An explanation of the court’s logic could lie in the wording of its analysis of the commonality question. The court simply said the proceeds of the sale of Kin were used to build the Kin ecosystem—without separating the private offering from the TDE. If the two offerings are conflated, then it become easier to understand how the court could have concluded that the proceeds of the sale of Kin—from both sales combined—were indeed used to fund Kikk’s entrepreneurial efforts. 

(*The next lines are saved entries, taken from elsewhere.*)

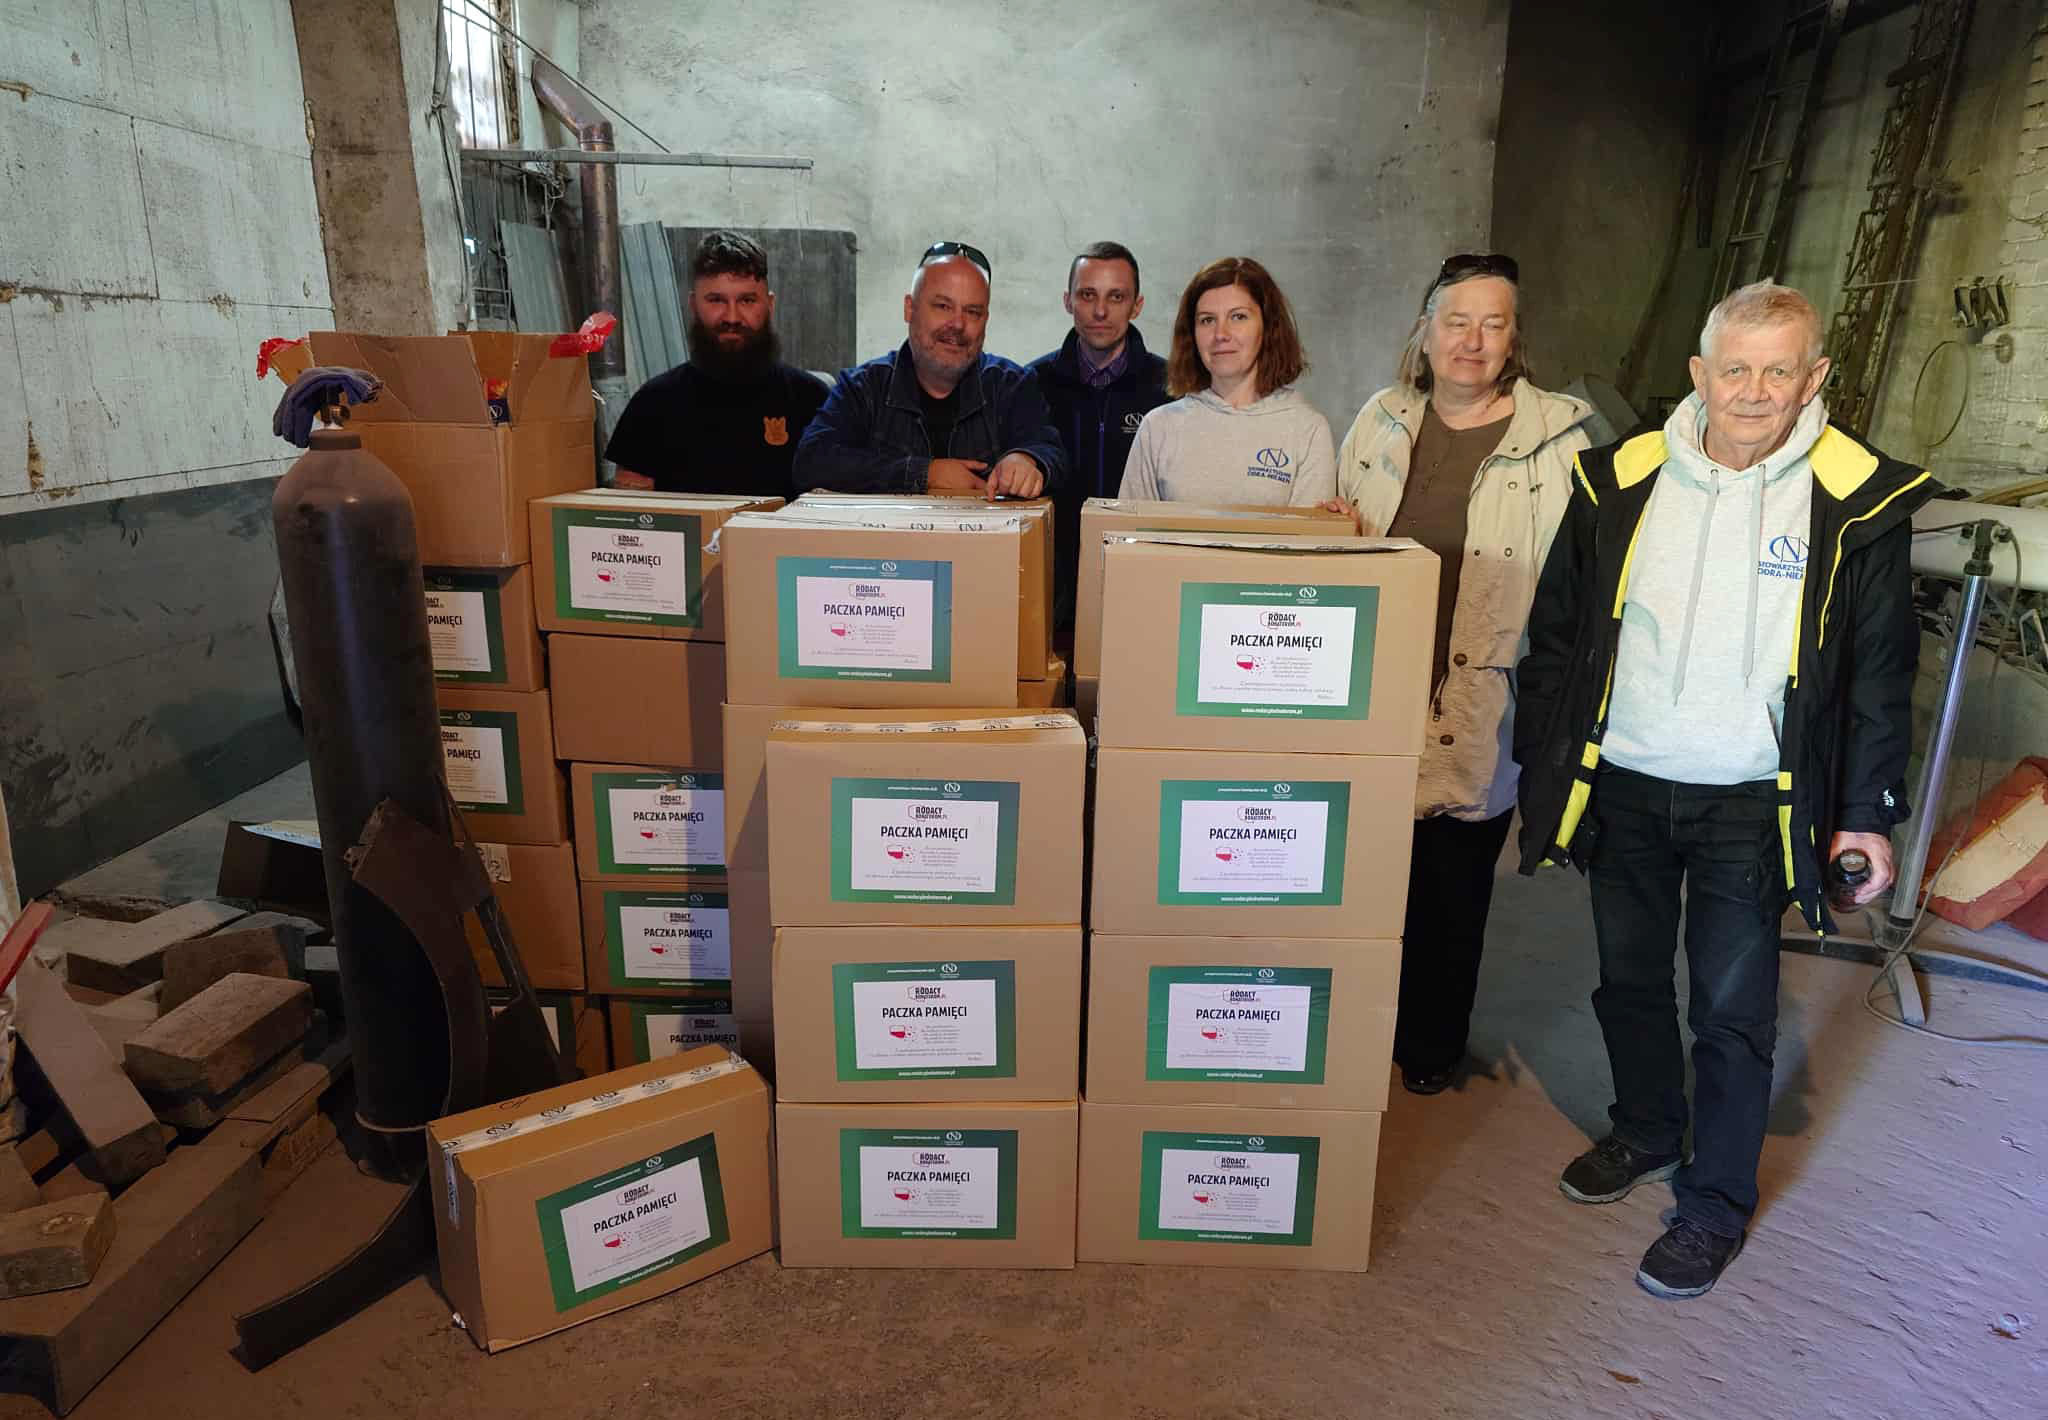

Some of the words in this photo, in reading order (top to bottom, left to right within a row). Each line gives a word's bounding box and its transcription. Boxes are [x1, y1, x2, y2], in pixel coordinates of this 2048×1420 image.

[592, 552, 624, 564] PACZKA
[626, 554, 661, 568] PAMIĘCI
[824, 604, 862, 616] PACZKA
[865, 606, 904, 620] PAMIĘCI
[427, 615, 463, 628] PAMIĘCI
[1231, 635, 1274, 647] PACZKA
[1277, 635, 1323, 651] PAMIĘCI
[447, 748, 481, 761] PAMIĘCI
[634, 812, 666, 821] PACZKA
[669, 812, 704, 824] PAMIĘCI
[881, 826, 921, 838] PACZKA
[925, 827, 968, 842] PAMIĘCI
[1209, 828, 1250, 840] PACZKA
[1254, 828, 1297, 843] PAMIĘCI
[644, 928, 676, 937] PACZKA
[678, 928, 712, 940] PAMIĘCI
[883, 1007, 922, 1018] PACZKA
[925, 1006, 967, 1019] PAMIĘCI
[1196, 1009, 1235, 1020] PACZKA
[1238, 1009, 1280, 1023] PAMIĘCI
[888, 1171, 926, 1182] PACZKA
[930, 1171, 970, 1184] PAMIĘCI
[1188, 1174, 1226, 1185] PACZKA
[1230, 1175, 1269, 1189] PAMIĘCI
[593, 1210, 635, 1233] PACZKA
[636, 1191, 678, 1218] PAMIĘCI

This argument, however, makes the sale of Kin in the TDE a security by combining it with the terms and conditions of the private offering, which took place on different terms under different conditions and for different purposes. The court’s conflation of the proceeds of the private offering with the proceeds of the TDE may have been based on its conclusion that the TDE and the exempt private offering should be “integrated” into a single offering for purposes of analysis. Under this view, the totality of Kik’s fundraising was designed to build and seed the business that would make Kin useful and valuable. But this reasoning is simply circular. Before the two offerings can be “integrated” into a single securities offering the SEC had to prove that the TDE was an offering of a security in the first place. It is illogical to argue that the TDE involved the offering of a security because it is integrated with the private offering which admittedly involved a security—and therefore the two offerings can be integrated because they are both offerings of the same “security.” The court needed to determine that the TDE involved a security without conflating the two offerings into a single unregistered security offering.  


Ari Gabinet is a Senior Fellow at the Watson Institute for International and Public Affairs and the Legal Expert in Residence at Brown University. The Brown Undergraduate Law Review is grateful for his support as our Faculty Advisor.